El ritual II (a ciegas)

Todo es oscuridad; salvo el ascensor, con sus cuatro luces (esas halógenas que tienen mayor eficiencia en el uso de la energía). Pero una vez que salís al pasillo y se cierra su puerta, la penumbra reaparece.

Cinco pasos hacia el frente, cuatro hacia la derecha: allí está la puerta de ingreso -o salida, depende-. Siempre la misma distancia, recorrida día tras día durante todo este tiempo… ¿cuánto? Quién sabe.

Tres pies en diagonal hacia la diestra, quince girando a siniestra, hacia la siniestra sombra que cubre el lugar. A esta altura los ojos ya se han acostumbrado dilatando las pupilas para absorber toda la luz que sea posible. Ahora descubres que eran dos más: diecisiete.

¡Qué bien que se siente conocer tanto un lugar como para poder transitarlo en la oscuridad!

Giras, subes, zigzagueas, doblas, saltas, esquivas y tanteas. Encontraste el lugar que te corresponde -no te pertenece, como te lo dijeron hace mucho tiempo-, el que ocupas cada vez que lo haces.
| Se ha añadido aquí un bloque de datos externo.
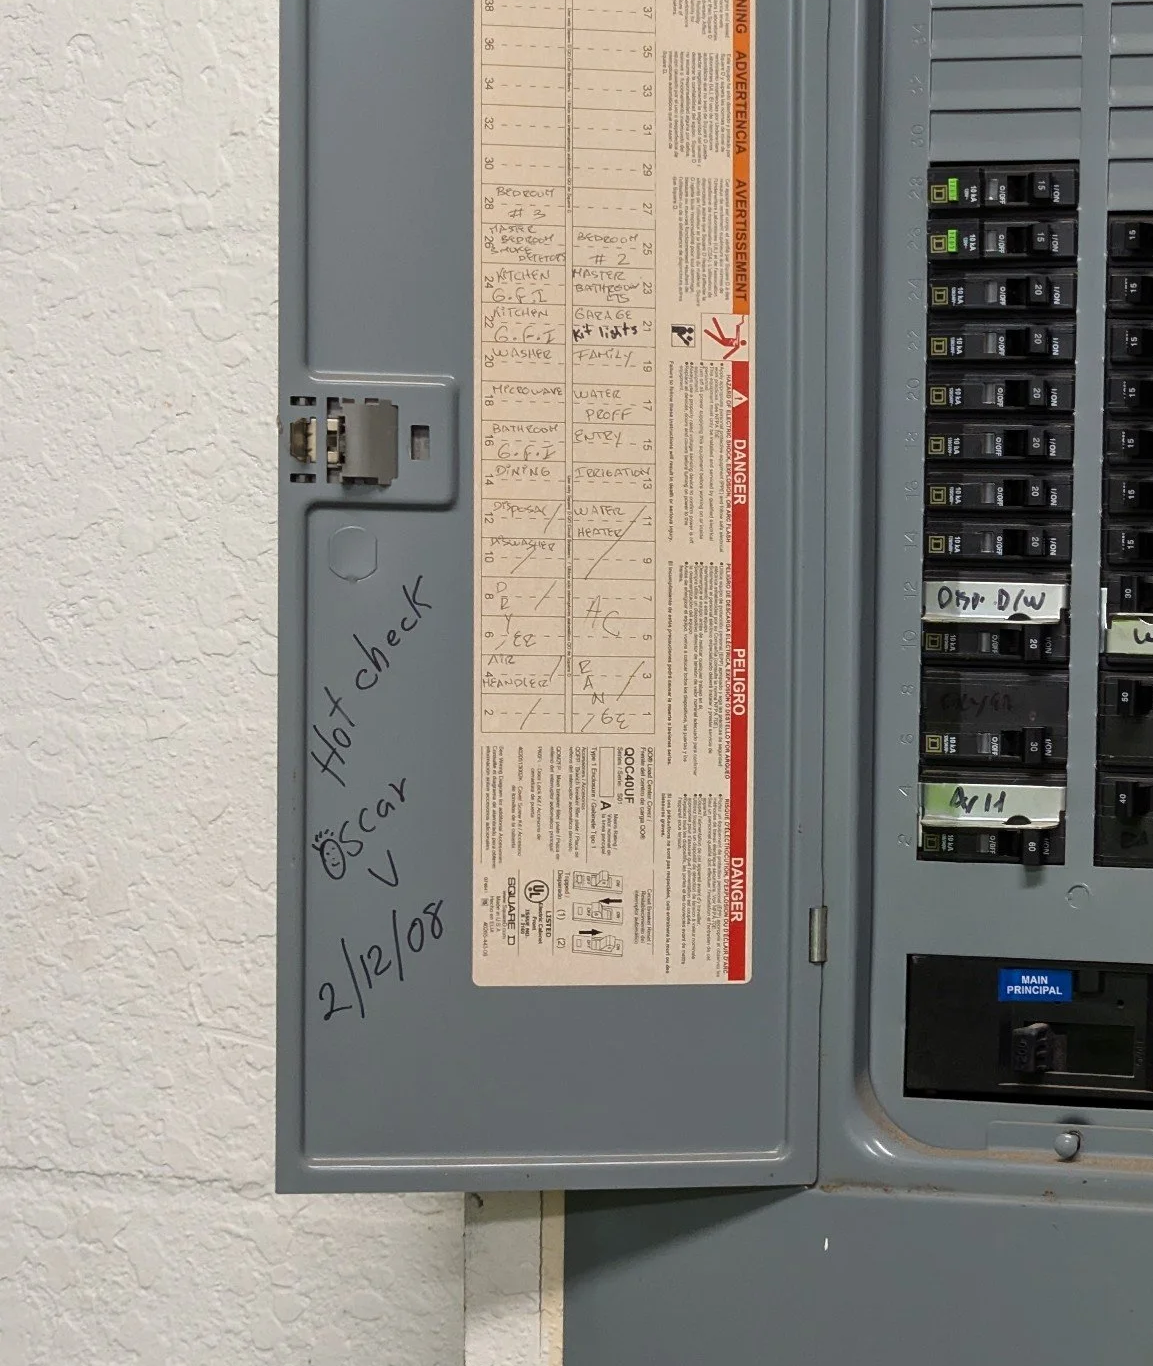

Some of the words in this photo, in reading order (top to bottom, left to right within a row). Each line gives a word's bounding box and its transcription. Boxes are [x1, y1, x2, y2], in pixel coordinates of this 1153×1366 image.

Extiendes los brazos hacia la dirección correcta (la de siempre), agarras y tiras. Ya puedes sentarte. Al hacerlo descubres, como cada vez, qué bello es estar sentado y tranquilo, en la oscuridad que conoces tanto como para sentirte cómodo.

Si tan sólo hubiera silencio… Pero para ello deberías haberte anticipado, tendrías que haber sentido el solo menos tiempo. Porque ya sabés, siempre es igual; salvo aquella oportunidad en que quizá lo hiciste.

Como ayer levantás la mano de este lado, girándola para saludarme. Como hace una semana, te respondo en silencio (aquí no se puede hablar), o crees que es así.

¿Por qué pensás que te saludé? ¿Por qué sabés que estoy allí? Quizá sucedió que una vez llegaste, elevaste esa mano y te pareció que hice lo mismo. Como estás seguro de que nada cambia allí, supusiste que el día anterior también había ocurrido. Estimaste que siempre estuve yo en aquel lugar.

Quizá sucedió que otra vez llegaste, elevaste esa mano y te pareció que hice lo mismo. Como estás seguro de que nada cambia allí, supusiste que el día anterior también había ocurrido. Estimaste que siempre estuve yo en aquel lugar.

Probablemente sea hoy uno de aquellos días en que llegaste y… Es que, cuando la rutina es tan monótona, se hace demasiado difícil distinguir dos días. Y es de esperar tal situación porque dos jornadas se hacen más similares mientras más abarque aquella. Tan sólo una diferencia existe en los casos más extremos, primordial: el tiempo.

Sin tan sólo prendieras la luz lo descubrirías. Pero no, eres muy cobarde para arriesgarte a saber la verdad. Tienes tanto miedo a desilusionarte enterándote de que no estoy, que no existo, o no te respondo que prefieres seguir en penumbras.

Es por eso que, el primer día, cuando todo empezó no encendiste la luz al llegar.